Stevia, widely marketed as a sugar substitute, appears to have health benefits that go well beyond its use as a sweetener. The Food and Drug Administration has never formally approved the use of stevia in food preparations, but it did conclude in 2008 that there was no basis to object to such applications. In use by the indigenous peoples of Paraguay and southern Brazil for centuries, stevia also shows promise in the treatment of diabetes and hypertension.

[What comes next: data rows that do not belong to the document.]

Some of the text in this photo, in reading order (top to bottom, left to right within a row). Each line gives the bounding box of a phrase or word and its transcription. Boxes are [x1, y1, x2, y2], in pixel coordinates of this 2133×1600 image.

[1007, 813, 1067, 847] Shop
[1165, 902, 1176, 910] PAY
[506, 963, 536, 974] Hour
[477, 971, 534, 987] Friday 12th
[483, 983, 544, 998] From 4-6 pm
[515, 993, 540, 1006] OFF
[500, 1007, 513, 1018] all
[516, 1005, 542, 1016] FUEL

A Superior Sugar Substitute
Stevia, extracted from the leaves of the Stevia rebaudiana Bertoni plant, an herb native to South America, is reputed to be 200 to 300 times as sweet as sugar, according to osteopathic physician Joseph Mercola and naturopathic practitioner Kendra Degen Pearsall, authors of "Sweet Deception." Perhaps more significant, they point out, stevia doesn't carry with it the health hazards that some have ascribed to aspartame, saccharin and sucralose, three of the best-selling artificial sweeteners on the U.S. market. Despite some very real health concerns about those sugar substitutes, Mercola and Pearsall contend that massive investments in their use have contributed to "corporate manipulation" of the FDA to downplay stevia as a potential rival.

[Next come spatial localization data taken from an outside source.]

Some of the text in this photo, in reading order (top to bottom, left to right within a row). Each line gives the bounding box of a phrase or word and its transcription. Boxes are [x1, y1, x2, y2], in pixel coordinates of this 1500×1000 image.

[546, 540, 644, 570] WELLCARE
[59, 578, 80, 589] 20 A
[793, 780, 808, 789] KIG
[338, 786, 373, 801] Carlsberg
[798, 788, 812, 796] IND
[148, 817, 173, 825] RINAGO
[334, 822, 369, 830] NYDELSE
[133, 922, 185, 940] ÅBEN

Although it's been on the U.S. market since the mid-1990s, some consumers have resisted using stevia because early brands of the sweetener left a bitter aftertaste, according to widespread reports. In an article in the December 2009 issue of "Better Nutrition," Christine Gable points out that manufacturers more recently have uncovered Reb A, a compound extracted from the sweetest portion of the plant and lacking the bitter aftertaste. In shopping for stevia-based sweeteners, Gable suggests, look for brands that have Reb A, rebiana or rebaudioside on the list of ingredients.
Lowers Blood Pressure
Limited animal and clinical studies indicate that stevia lowers blood pressure by dilating blood vessels, according to Dr. Christine Horner, author of "Waking the Warrior Goddess." The dilation or expansion of blood vessels is accompanied by a commensurate decline in blood pressure, she explains. Horner cites results obtained in a double-blind, placebo-controlled study, the findings of which were published in a 2000 issue of the "British Journal of Pharmacology." The study's test subjects, all of whom were diagnosed with hypertension, were given small amounts of stevia three times daily for a period of three months. At the conclusion of testing, the study recorded sharp declines in subjects' systolic and diastolic blood pressure readings.
Controls Glucose Levels
Stevia, unlike sugar and some of the other artificial sweeteners on the market, does not increase cravings for sweets, according to herbalist and naturopath Linda Page, author of "Diets for Healthy Living." More significant perhaps, says Page, the sweetener sharply increases glucose tolerance. Because of its ability to regulate blood-sugar levels, stevia is marketed in several South American countries to treat both diabetes and hypoglycemia.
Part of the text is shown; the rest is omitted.